-- Supplied records follows --
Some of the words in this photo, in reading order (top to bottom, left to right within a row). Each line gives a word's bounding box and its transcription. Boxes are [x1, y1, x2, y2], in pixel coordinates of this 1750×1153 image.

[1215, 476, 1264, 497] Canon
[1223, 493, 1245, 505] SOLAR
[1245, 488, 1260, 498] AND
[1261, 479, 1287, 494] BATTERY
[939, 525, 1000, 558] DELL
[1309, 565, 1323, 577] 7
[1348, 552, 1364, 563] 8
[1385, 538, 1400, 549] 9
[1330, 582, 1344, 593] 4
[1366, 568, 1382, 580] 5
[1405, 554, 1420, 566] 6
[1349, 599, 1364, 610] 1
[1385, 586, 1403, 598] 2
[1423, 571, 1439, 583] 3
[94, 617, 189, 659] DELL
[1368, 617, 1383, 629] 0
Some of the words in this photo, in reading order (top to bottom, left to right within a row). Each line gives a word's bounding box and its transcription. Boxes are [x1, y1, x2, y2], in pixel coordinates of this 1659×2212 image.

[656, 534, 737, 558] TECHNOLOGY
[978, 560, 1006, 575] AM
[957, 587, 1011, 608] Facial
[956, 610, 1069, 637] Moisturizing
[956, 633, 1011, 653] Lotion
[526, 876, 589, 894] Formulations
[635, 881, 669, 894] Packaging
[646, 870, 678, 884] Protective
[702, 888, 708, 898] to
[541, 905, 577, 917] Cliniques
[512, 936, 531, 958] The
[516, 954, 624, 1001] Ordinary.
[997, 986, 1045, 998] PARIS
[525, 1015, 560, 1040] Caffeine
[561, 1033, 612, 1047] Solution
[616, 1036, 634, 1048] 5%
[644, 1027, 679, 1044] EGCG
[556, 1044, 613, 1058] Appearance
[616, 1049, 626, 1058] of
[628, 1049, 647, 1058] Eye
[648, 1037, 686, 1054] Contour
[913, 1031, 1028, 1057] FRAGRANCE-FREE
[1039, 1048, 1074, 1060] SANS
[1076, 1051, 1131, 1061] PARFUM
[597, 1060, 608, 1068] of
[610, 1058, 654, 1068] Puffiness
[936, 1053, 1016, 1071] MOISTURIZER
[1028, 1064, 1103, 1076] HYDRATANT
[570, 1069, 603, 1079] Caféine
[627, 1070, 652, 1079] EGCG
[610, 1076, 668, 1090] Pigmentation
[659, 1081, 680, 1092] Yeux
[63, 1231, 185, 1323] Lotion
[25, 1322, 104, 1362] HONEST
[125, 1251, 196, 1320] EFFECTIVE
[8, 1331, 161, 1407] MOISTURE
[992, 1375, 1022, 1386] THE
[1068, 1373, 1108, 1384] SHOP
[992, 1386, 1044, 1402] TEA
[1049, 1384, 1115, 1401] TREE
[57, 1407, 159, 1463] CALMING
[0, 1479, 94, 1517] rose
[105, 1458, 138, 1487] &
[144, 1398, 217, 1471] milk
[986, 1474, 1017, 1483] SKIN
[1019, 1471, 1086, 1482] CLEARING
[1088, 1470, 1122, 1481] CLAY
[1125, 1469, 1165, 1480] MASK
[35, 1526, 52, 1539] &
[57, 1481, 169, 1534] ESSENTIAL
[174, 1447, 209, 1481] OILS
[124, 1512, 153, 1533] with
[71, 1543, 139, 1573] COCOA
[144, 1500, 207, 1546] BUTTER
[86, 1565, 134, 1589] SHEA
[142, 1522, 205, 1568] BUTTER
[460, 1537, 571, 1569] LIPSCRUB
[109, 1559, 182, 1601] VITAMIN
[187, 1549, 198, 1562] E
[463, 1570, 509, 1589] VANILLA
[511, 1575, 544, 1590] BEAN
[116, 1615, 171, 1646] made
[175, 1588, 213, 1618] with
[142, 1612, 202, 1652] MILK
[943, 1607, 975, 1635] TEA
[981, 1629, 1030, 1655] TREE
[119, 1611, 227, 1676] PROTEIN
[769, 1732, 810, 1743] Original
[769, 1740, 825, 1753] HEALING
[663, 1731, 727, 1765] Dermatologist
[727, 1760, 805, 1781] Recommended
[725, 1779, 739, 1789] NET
-- Supplied records concluded --
* **Brief**
Retype the data exactly as it reads.

* **Response**
Some of the words in this photo, in reading order (top to bottom, left to right within a row). Each line gives a word's bounding box and its transcription. Boxes are [x1, y1, x2, y2], in pixel coordinates of this 1750×1153 image.

[1215, 476, 1264, 497] Canon
[1223, 493, 1245, 505] SOLAR
[1245, 488, 1260, 498] AND
[1261, 479, 1287, 494] BATTERY
[939, 525, 1000, 558] DELL
[1309, 565, 1323, 577] 7
[1348, 552, 1364, 563] 8
[1385, 538, 1400, 549] 9
[1330, 582, 1344, 593] 4
[1366, 568, 1382, 580] 5
[1405, 554, 1420, 566] 6
[1349, 599, 1364, 610] 1
[1385, 586, 1403, 598] 2
[1423, 571, 1439, 583] 3
[94, 617, 189, 659] DELL
[1368, 617, 1383, 629] 0
Some of the words in this photo, in reading order (top to bottom, left to right within a row). Each line gives a word's bounding box and its transcription. Boxes are [x1, y1, x2, y2], in pixel coordinates of this 1659×2212 image.

[656, 534, 737, 558] TECHNOLOGY
[978, 560, 1006, 575] AM
[957, 587, 1011, 608] Facial
[956, 610, 1069, 637] Moisturizing
[956, 633, 1011, 653] Lotion
[526, 876, 589, 894] Formulations
[635, 881, 669, 894] Packaging
[646, 870, 678, 884] Protective
[702, 888, 708, 898] to
[541, 905, 577, 917] Cliniques
[512, 936, 531, 958] The
[516, 954, 624, 1001] Ordinary.
[997, 986, 1045, 998] PARIS
[525, 1015, 560, 1040] Caffeine
[561, 1033, 612, 1047] Solution
[616, 1036, 634, 1048] 5%
[644, 1027, 679, 1044] EGCG
[556, 1044, 613, 1058] Appearance
[616, 1049, 626, 1058] of
[628, 1049, 647, 1058] Eye
[648, 1037, 686, 1054] Contour
[913, 1031, 1028, 1057] FRAGRANCE-FREE
[1039, 1048, 1074, 1060] SANS
[1076, 1051, 1131, 1061] PARFUM
[597, 1060, 608, 1068] of
[610, 1058, 654, 1068] Puffiness
[936, 1053, 1016, 1071] MOISTURIZER
[1028, 1064, 1103, 1076] HYDRATANT
[570, 1069, 603, 1079] Caféine
[627, 1070, 652, 1079] EGCG
[610, 1076, 668, 1090] Pigmentation
[659, 1081, 680, 1092] Yeux
[63, 1231, 185, 1323] Lotion
[25, 1322, 104, 1362] HONEST
[125, 1251, 196, 1320] EFFECTIVE
[8, 1331, 161, 1407] MOISTURE
[992, 1375, 1022, 1386] THE
[1068, 1373, 1108, 1384] SHOP
[992, 1386, 1044, 1402] TEA
[1049, 1384, 1115, 1401] TREE
[57, 1407, 159, 1463] CALMING
[0, 1479, 94, 1517] rose
[105, 1458, 138, 1487] &
[144, 1398, 217, 1471] milk
[986, 1474, 1017, 1483] SKIN
[1019, 1471, 1086, 1482] CLEARING
[1088, 1470, 1122, 1481] CLAY
[1125, 1469, 1165, 1480] MASK
[35, 1526, 52, 1539] &
[57, 1481, 169, 1534] ESSENTIAL
[174, 1447, 209, 1481] OILS
[124, 1512, 153, 1533] with
[71, 1543, 139, 1573] COCOA
[144, 1500, 207, 1546] BUTTER
[86, 1565, 134, 1589] SHEA
[142, 1522, 205, 1568] BUTTER
[460, 1537, 571, 1569] LIPSCRUB
[109, 1559, 182, 1601] VITAMIN
[187, 1549, 198, 1562] E
[463, 1570, 509, 1589] VANILLA
[511, 1575, 544, 1590] BEAN
[116, 1615, 171, 1646] made
[175, 1588, 213, 1618] with
[142, 1612, 202, 1652] MILK
[943, 1607, 975, 1635] TEA
[981, 1629, 1030, 1655] TREE
[119, 1611, 227, 1676] PROTEIN
[769, 1732, 810, 1743] Original
[769, 1740, 825, 1753] HEALING
[663, 1731, 727, 1765] Dermatologist
[727, 1760, 805, 1781] Recommended
[725, 1779, 739, 1789] NET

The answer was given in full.